▸ TASK OBJECTIVE:
Repeat the records below word for word and omit each image.

▸ SUPPLIED INFORMATION:
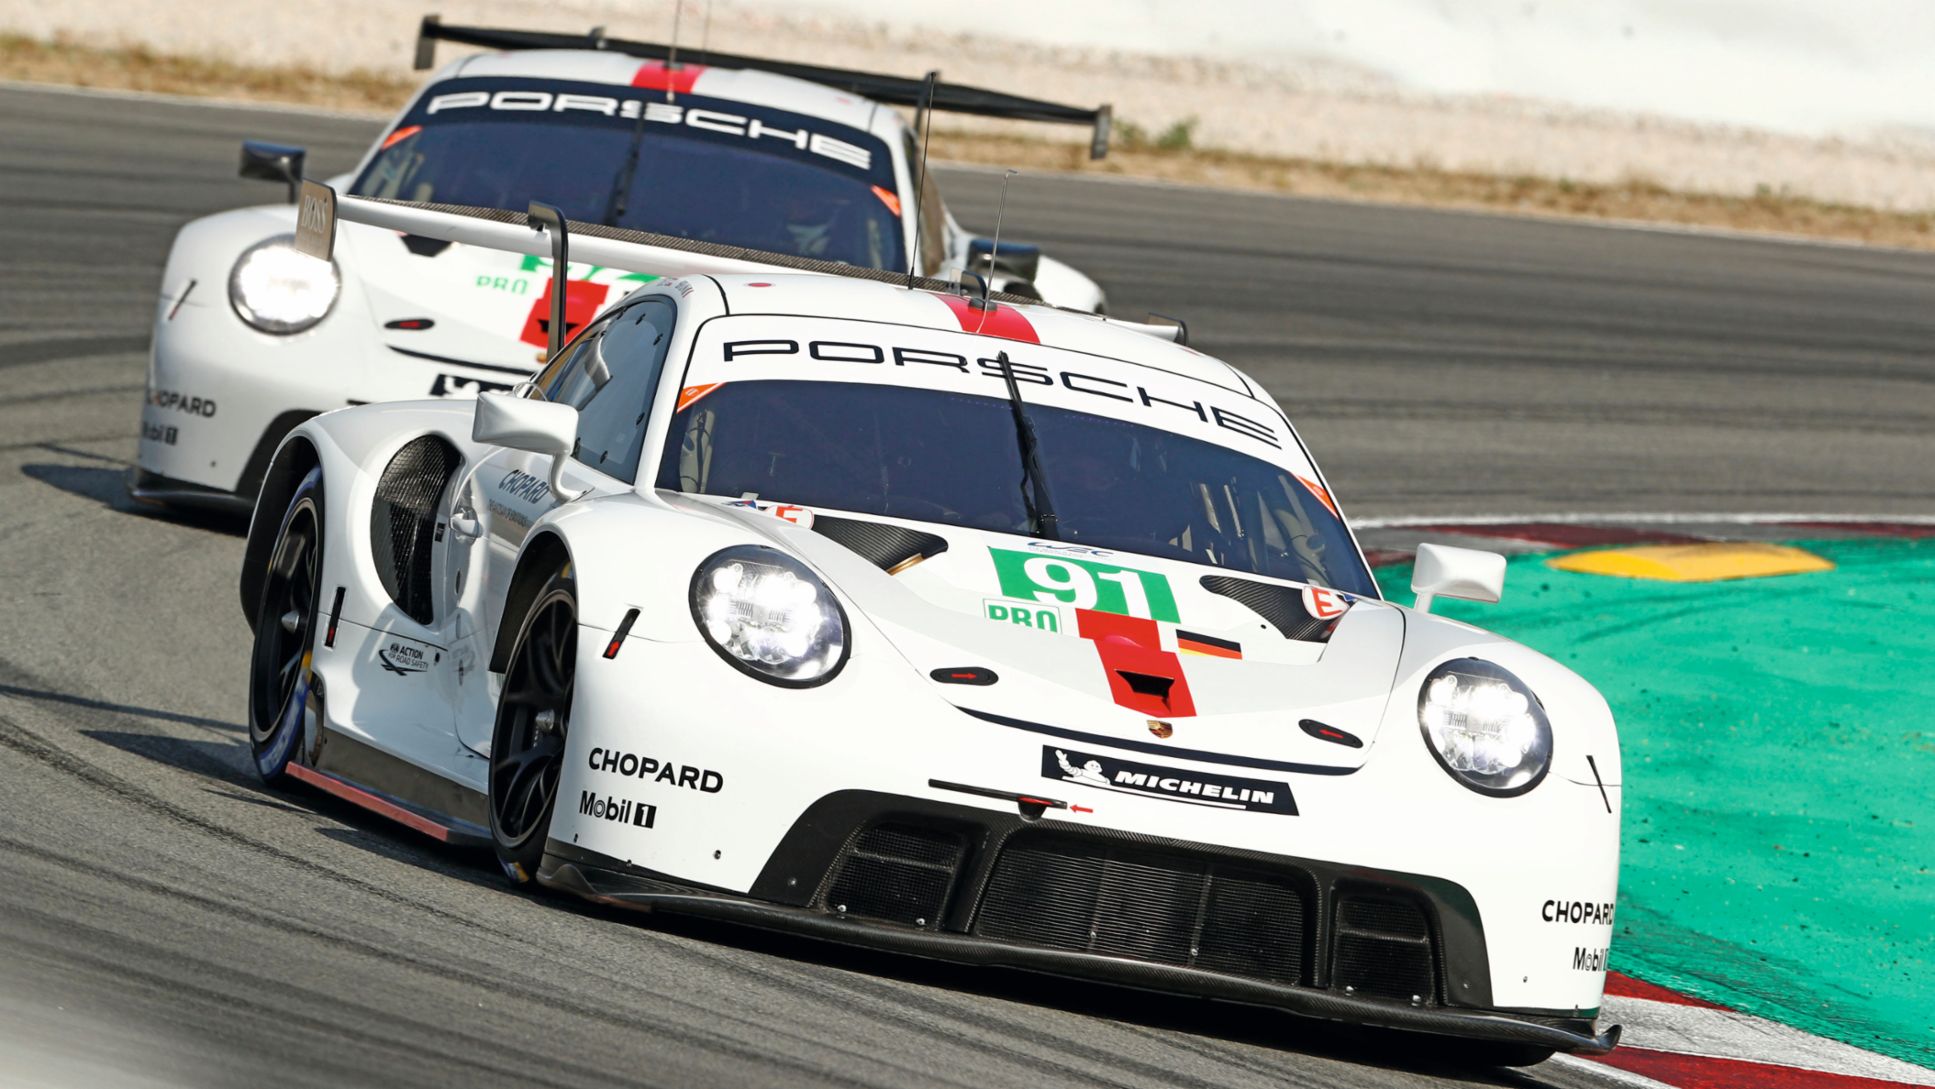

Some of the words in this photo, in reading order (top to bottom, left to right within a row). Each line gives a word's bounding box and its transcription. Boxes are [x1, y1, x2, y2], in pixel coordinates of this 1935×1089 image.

[426, 90, 871, 171] PORSCHE
[722, 339, 1283, 450] PORSCHE
[498, 469, 550, 505] CHOPARD
[1023, 557, 1153, 621] 91
[988, 604, 1058, 633] PRO
[396, 654, 411, 666] ROAD
[411, 659, 429, 670] SAFETY
[400, 646, 424, 660] ACTION
[588, 747, 724, 794] CHOPARD
[1114, 770, 1275, 805] MICHELIN
[579, 790, 632, 824] Mobil

▸ COMPLETED TASK:
Some of the words in this photo, in reading order (top to bottom, left to right within a row). Each line gives a word's bounding box and its transcription. Boxes are [x1, y1, x2, y2], in pixel coordinates of this 1935×1089 image.

[426, 90, 871, 171] PORSCHE
[722, 339, 1283, 450] PORSCHE
[498, 469, 550, 505] CHOPARD
[1023, 557, 1153, 621] 91
[988, 604, 1058, 633] PRO
[396, 654, 411, 666] ROAD
[411, 659, 429, 670] SAFETY
[400, 646, 424, 660] ACTION
[588, 747, 724, 794] CHOPARD
[1114, 770, 1275, 805] MICHELIN
[579, 790, 632, 824] Mobil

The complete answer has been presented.